About one-third of North Carolina’s 400 medical device companies have operations in the RTP area, including startups like Physcient, companies with products on the market like Bioptigen and Metabolon and publicly traded companies like New Jersey-based BD.
BD, which generates more than $7 billion in annual sales, this year finished a $12.7 million renovation of its technology and innovation center in RTP, opened a $14 million manufacturing facility west of Durham and announced plans to build a distribution center southeast of Raleigh. (Read about BD’s expansion in North Carolina here.)
With fewer than 20 employees and less than $5 million in annual revenue each, Metabolon and Bioptigen have to rely on venture capital and other private investors to develop new products and get regulatory approval to sell them.
Metabolon‘s latest product is a biomarker test that identifies people at high risk for diabetes. Bioptigen has developed scanners that map the back of the eye in microscopic detail and allow surgeons to identify diseases at early stages.
Physcient, a three-year-old startup, is working on its first product, an surgical tool that opens the rib cage for heart and lung surgeries.

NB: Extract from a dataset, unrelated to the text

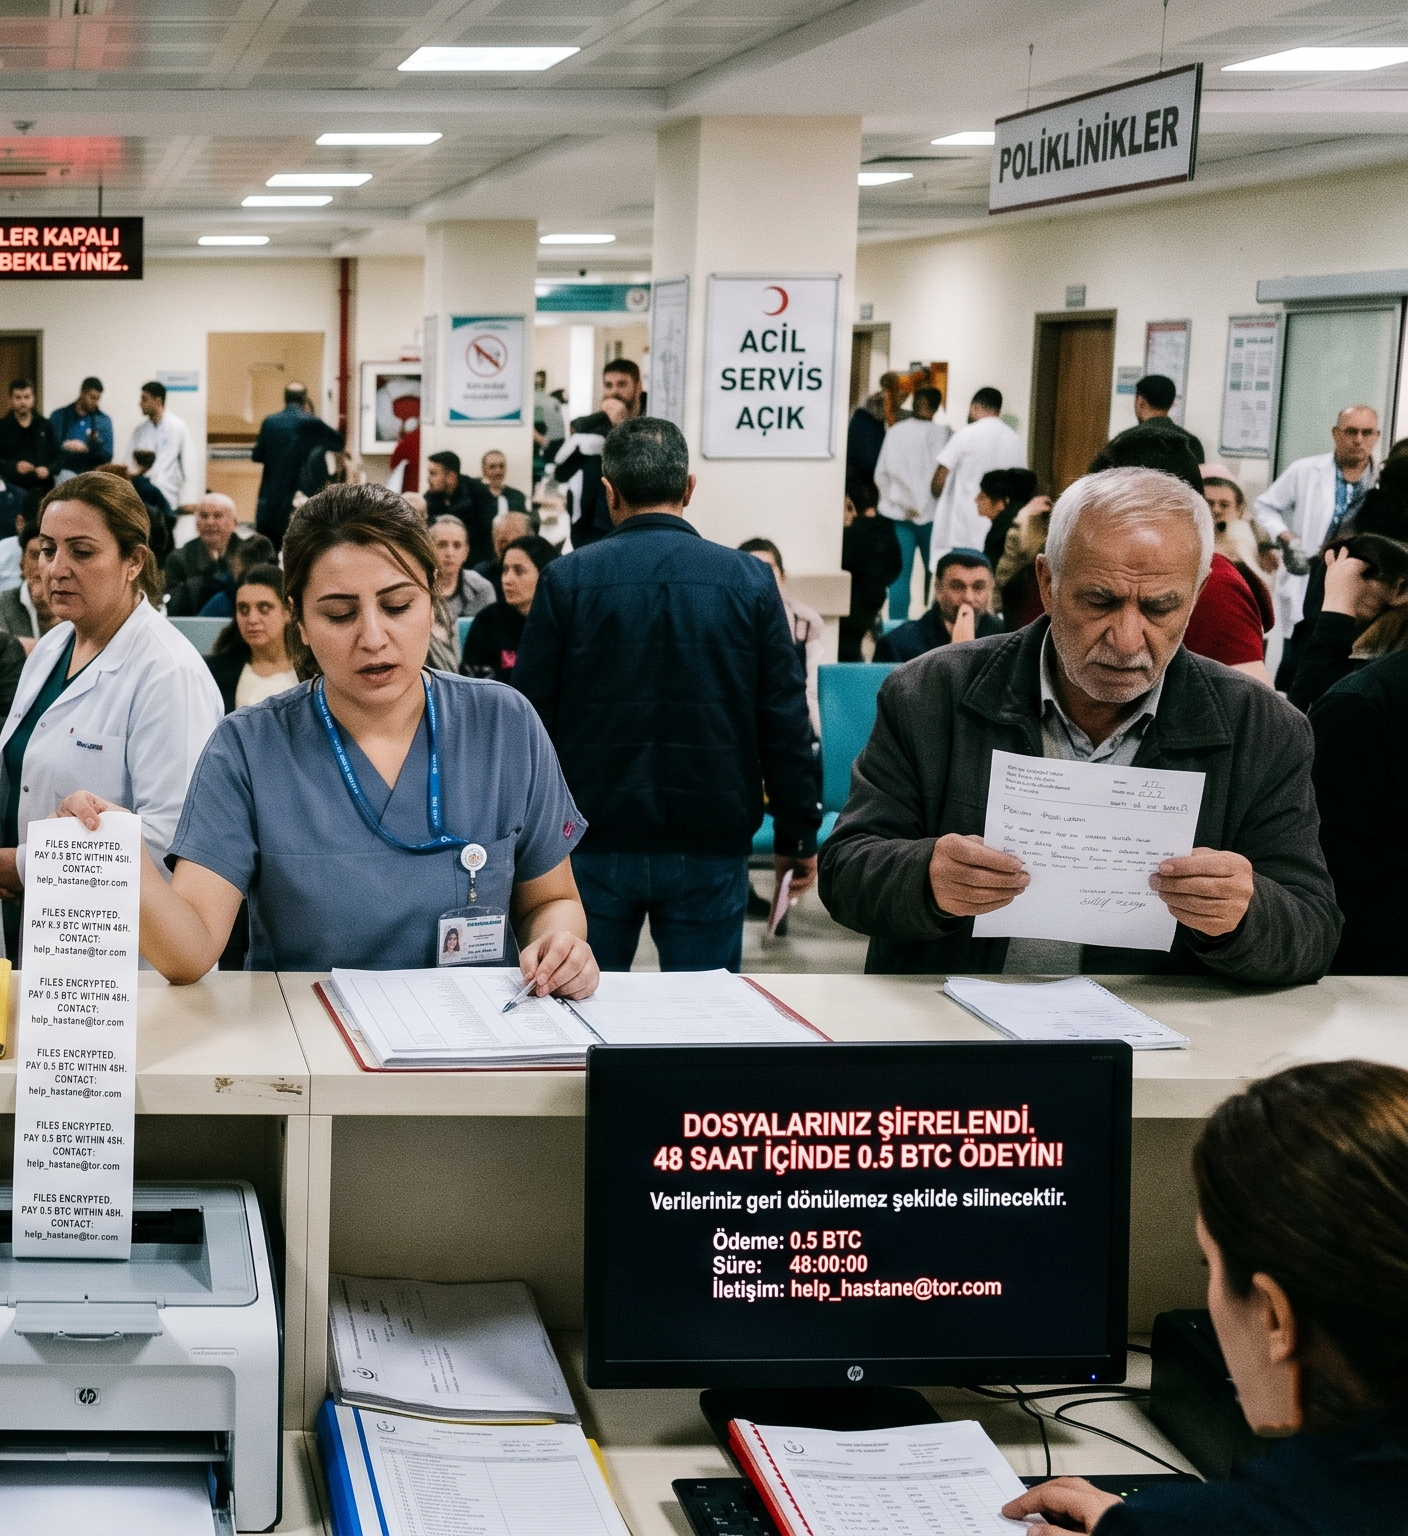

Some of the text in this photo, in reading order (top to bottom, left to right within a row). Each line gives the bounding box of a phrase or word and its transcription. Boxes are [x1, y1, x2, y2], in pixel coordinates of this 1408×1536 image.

The tool, which can be operated electronically with a smart phone, inflicts less damage to tissue and bone than mechanical thoracic retractors that have been used in hospitals for more than 70 years.
Private investors are key to keep the lights on and the development going at Physcient.
All medical device companies, regardless of size, have to deal with more stringent regulatory scrutiny, which add time and costs to the approval process, as well as cost-savings pressures at hospitals and a new 2.3 percent excise tax on medical device sales that takes effect 2013, both results of health care reform. But small companies and startups face an additional challenge: A crunch in venture capital investments, particularly in early-stage rounds.
In 2009, medical device companies raised less than $3 billion in venture capital in the U.S., according to the Ernst & Young report. Only 13 percent of the rounds were early-stage, the least since 2001.
North Carolina was absent from the map of U.S. regions that led in funds raised by medical device companies, even though one company, Durham-based TransEnterix, made the top 10 venture rounds list with a $55 million fundraiser completed in October 2009.